Anyone brave enough to venture in will be rewarded with nature’s
bounty very quickly, as both Old George and the Ghost Orchid are
growing close to the forest’s edge. There is, however, plenty of
Maiden Plum and Lady Hair, neither of which are quite as friendly as
some of the other species, making it a little dangerous for those who
are not familiar with these plants – hence the need to find a way for
people to enjoy the forest safely.

At present, the future of this unique forest, which is clearly very
special to many people, as demonstrated by the outpouring of support
to conserve it, hangs on the decision of the government to build or
not to build a road.
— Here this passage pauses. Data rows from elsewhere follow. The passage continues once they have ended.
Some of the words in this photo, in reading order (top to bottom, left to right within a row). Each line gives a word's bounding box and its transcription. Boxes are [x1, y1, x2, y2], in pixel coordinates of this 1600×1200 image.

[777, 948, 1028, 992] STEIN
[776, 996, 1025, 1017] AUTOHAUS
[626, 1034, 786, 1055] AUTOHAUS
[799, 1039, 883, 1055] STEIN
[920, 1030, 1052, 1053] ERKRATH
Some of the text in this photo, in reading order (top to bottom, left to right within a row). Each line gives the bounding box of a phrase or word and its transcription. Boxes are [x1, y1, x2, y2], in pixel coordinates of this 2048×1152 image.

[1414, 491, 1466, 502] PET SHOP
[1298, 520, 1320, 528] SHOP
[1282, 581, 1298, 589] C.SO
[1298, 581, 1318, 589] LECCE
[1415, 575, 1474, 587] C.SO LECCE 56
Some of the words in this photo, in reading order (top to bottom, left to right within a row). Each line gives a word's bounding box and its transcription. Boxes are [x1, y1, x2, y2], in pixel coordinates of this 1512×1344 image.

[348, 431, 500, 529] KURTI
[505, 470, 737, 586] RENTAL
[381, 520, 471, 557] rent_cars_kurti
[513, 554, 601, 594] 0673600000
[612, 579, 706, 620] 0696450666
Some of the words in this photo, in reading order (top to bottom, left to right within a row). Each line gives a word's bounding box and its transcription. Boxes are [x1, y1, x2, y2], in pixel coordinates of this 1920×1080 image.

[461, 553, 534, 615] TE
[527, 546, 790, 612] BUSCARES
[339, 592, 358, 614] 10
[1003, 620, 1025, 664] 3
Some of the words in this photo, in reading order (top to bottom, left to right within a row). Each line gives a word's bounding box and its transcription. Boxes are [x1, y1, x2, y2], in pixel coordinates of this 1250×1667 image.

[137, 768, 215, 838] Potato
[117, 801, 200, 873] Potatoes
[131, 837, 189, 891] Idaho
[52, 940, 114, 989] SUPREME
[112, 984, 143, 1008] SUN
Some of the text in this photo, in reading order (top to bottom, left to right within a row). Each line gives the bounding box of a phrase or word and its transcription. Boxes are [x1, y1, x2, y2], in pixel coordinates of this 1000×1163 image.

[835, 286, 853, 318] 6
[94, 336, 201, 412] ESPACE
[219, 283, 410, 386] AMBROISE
According to Minister McLean, to alter the route
would require taking out four or five homes and not taking the Linford
Peirson Highway through to Walkers Road and could amount to more
traffic woes for drivers coming in from the eastern districts. “If we
were to do it without taking out houses, it would mean sharp 70 degree
corners. If you’re going to do it that way you’re going to have to
take out at leastfour or five homes,” he said recently.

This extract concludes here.